Magistrates heard how in October 2003 Environment Agency officers had made the developers aware of potential drainage problems on their housing site off the A58 in Ripponden.

Officers were concerned that silt from the site could end up draining into the nearby River Ryburn and asked Persimmon Homes to take action to prevent this.

The company applied for a Consent to Discharge permit which regulated the amount of effluent from the site that could go into the watercourse.

However, in July 2005 the Environment Agency received a report of silt in the River Ryburn, and a sample showed that there was 48 times more suspended solids, such as silt particles, in the water than the amount allowed under Persimmon Homes permit.

Ms Fogg said the sample revealed 2,420 milligrammes of suspended particles per litre rather than the consented level which was 50 milligrammes per litre.

In interview, the company explained that it had a number of holding tanks to prevent run-off from the site going directly into the river.
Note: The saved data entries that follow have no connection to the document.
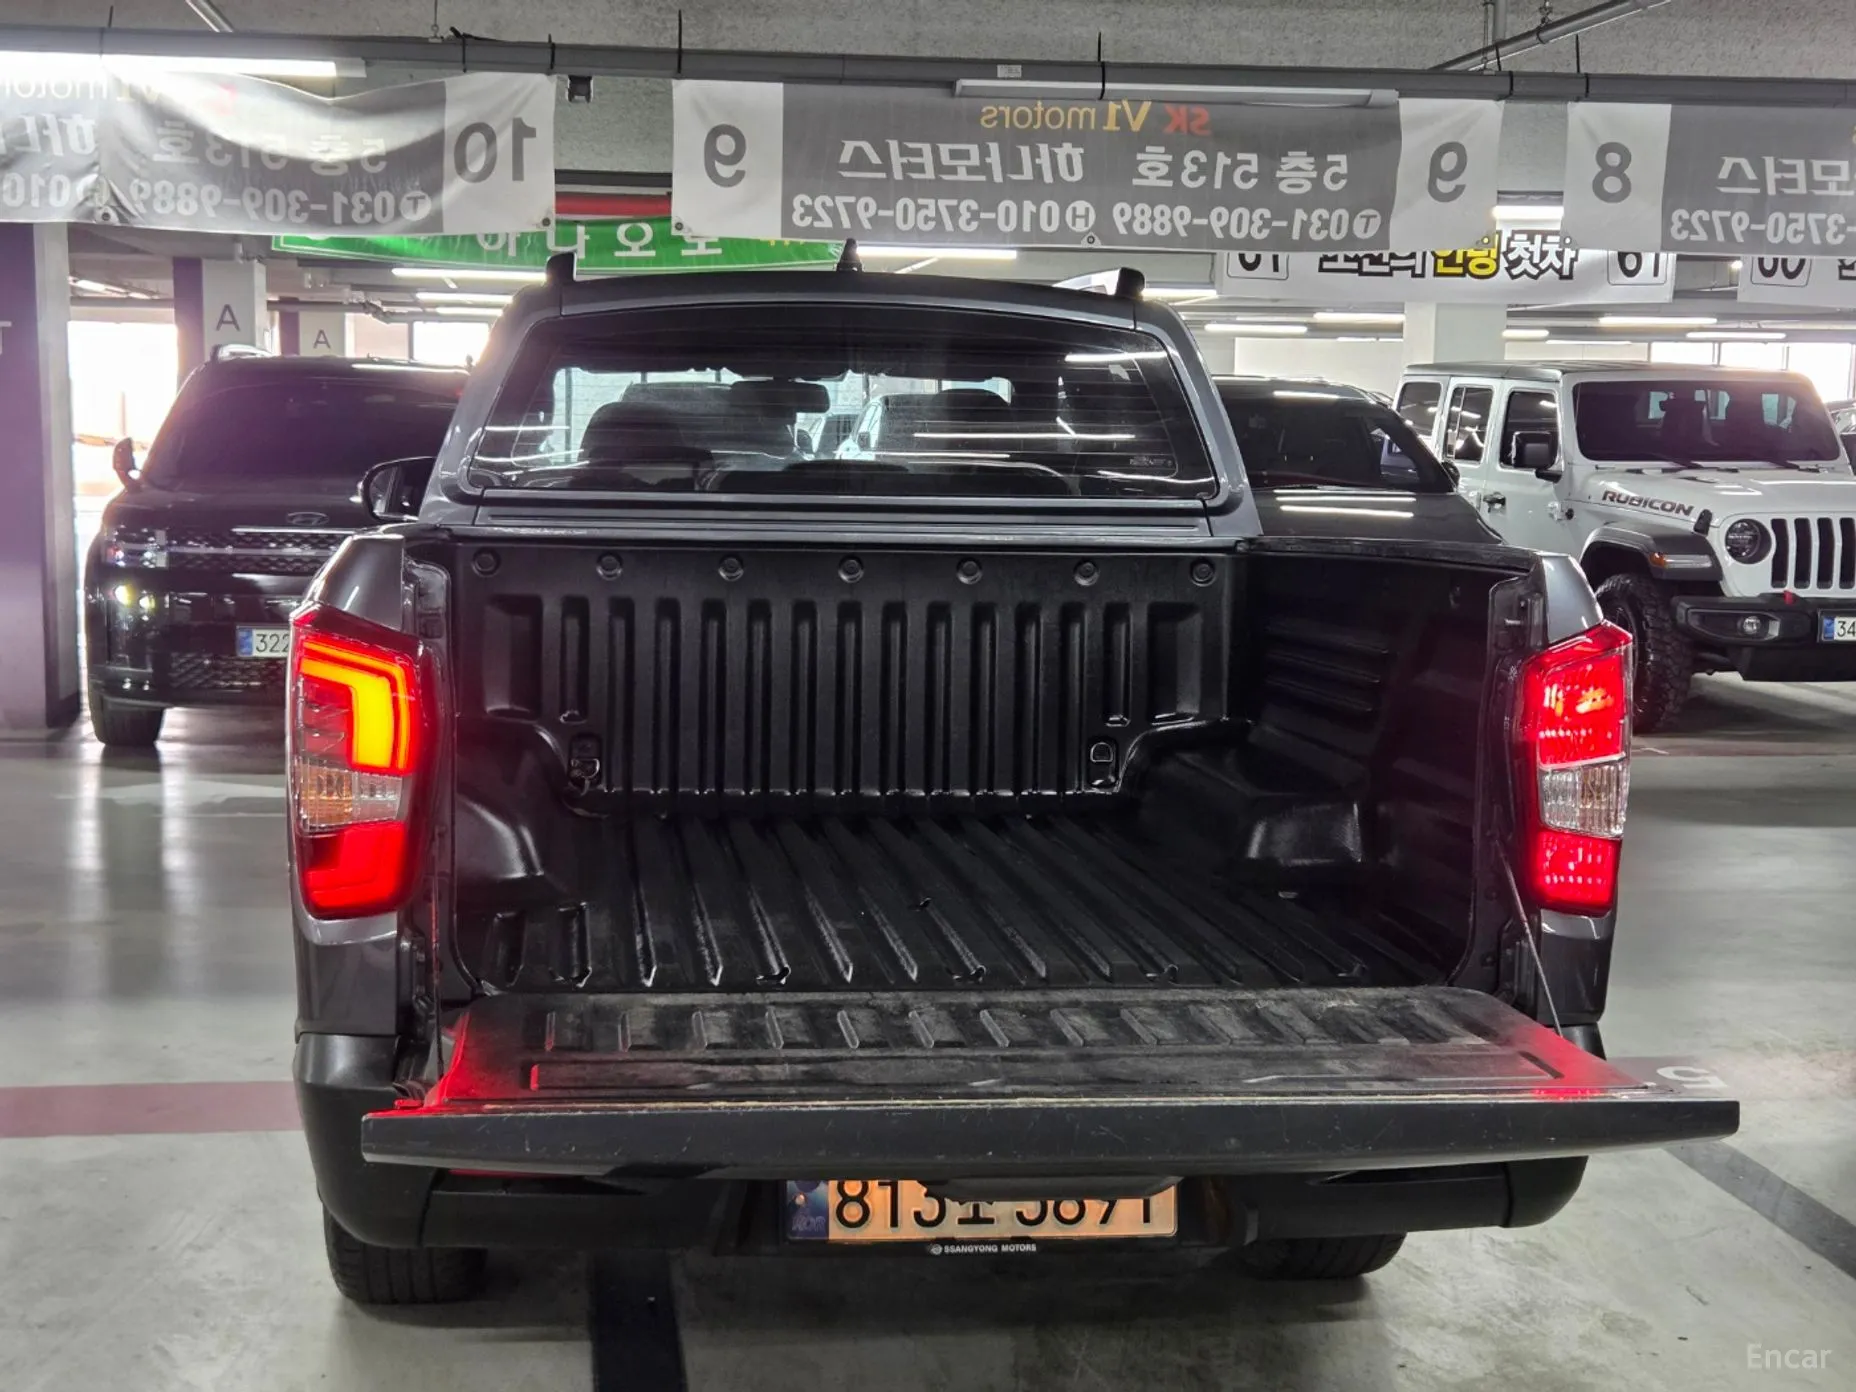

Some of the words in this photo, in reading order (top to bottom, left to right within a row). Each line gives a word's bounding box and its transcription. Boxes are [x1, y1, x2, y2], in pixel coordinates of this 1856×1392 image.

[215, 303, 241, 331] A
[312, 329, 331, 349] A
[1602, 490, 1694, 517] RUBICON
[944, 1243, 998, 1254] SSANGYONG
[1001, 1243, 1037, 1253] MOTORS
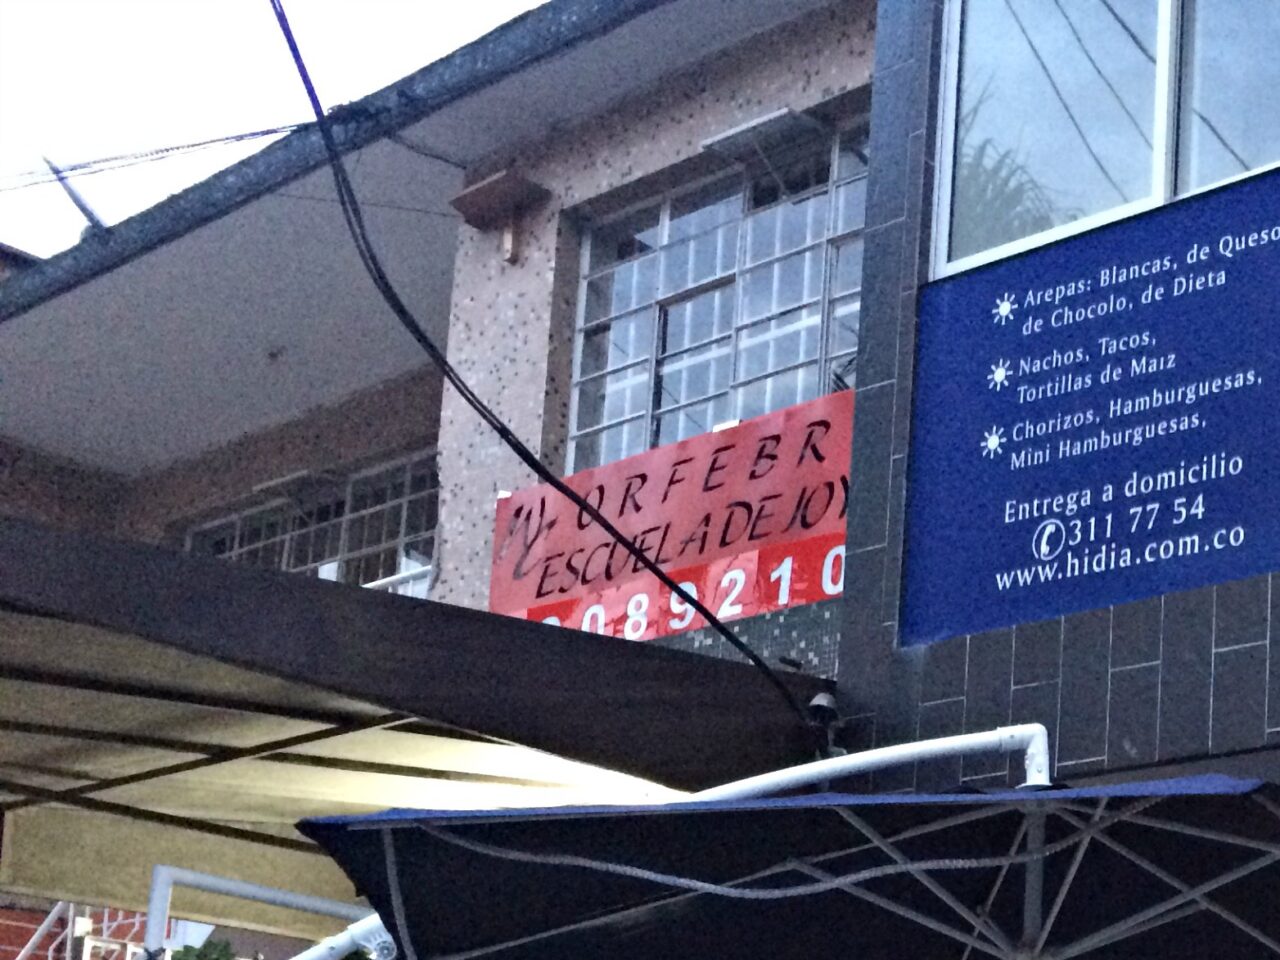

But run-off had escaped when a stopper came loose during bad weather.

In the second incident in May 2006 an officer inspected the site and found more pollution had discharged into the river. A sample showed the amount of suspended solids was again more than the permitted amount at 664 milligrammes per litre.

The court heard that although Persimmon Homes had the equipment to contain the discharge, there was only limited checks to see if it was working properly.

In both incidents, the river’s wildlife was not visibly affected, but the pollution could have had a damaging impact.

After the court case an Environment Agency officer Dave Tempest said:  Persimmon Homes was warned of the risk of pollution to the river yet failed to take all the necessary precautions.

Rivers in West Yorkshire are recovering from their industrial legacy and it is vital that businesses take responsibility for their actions and ensure that the environment is protected.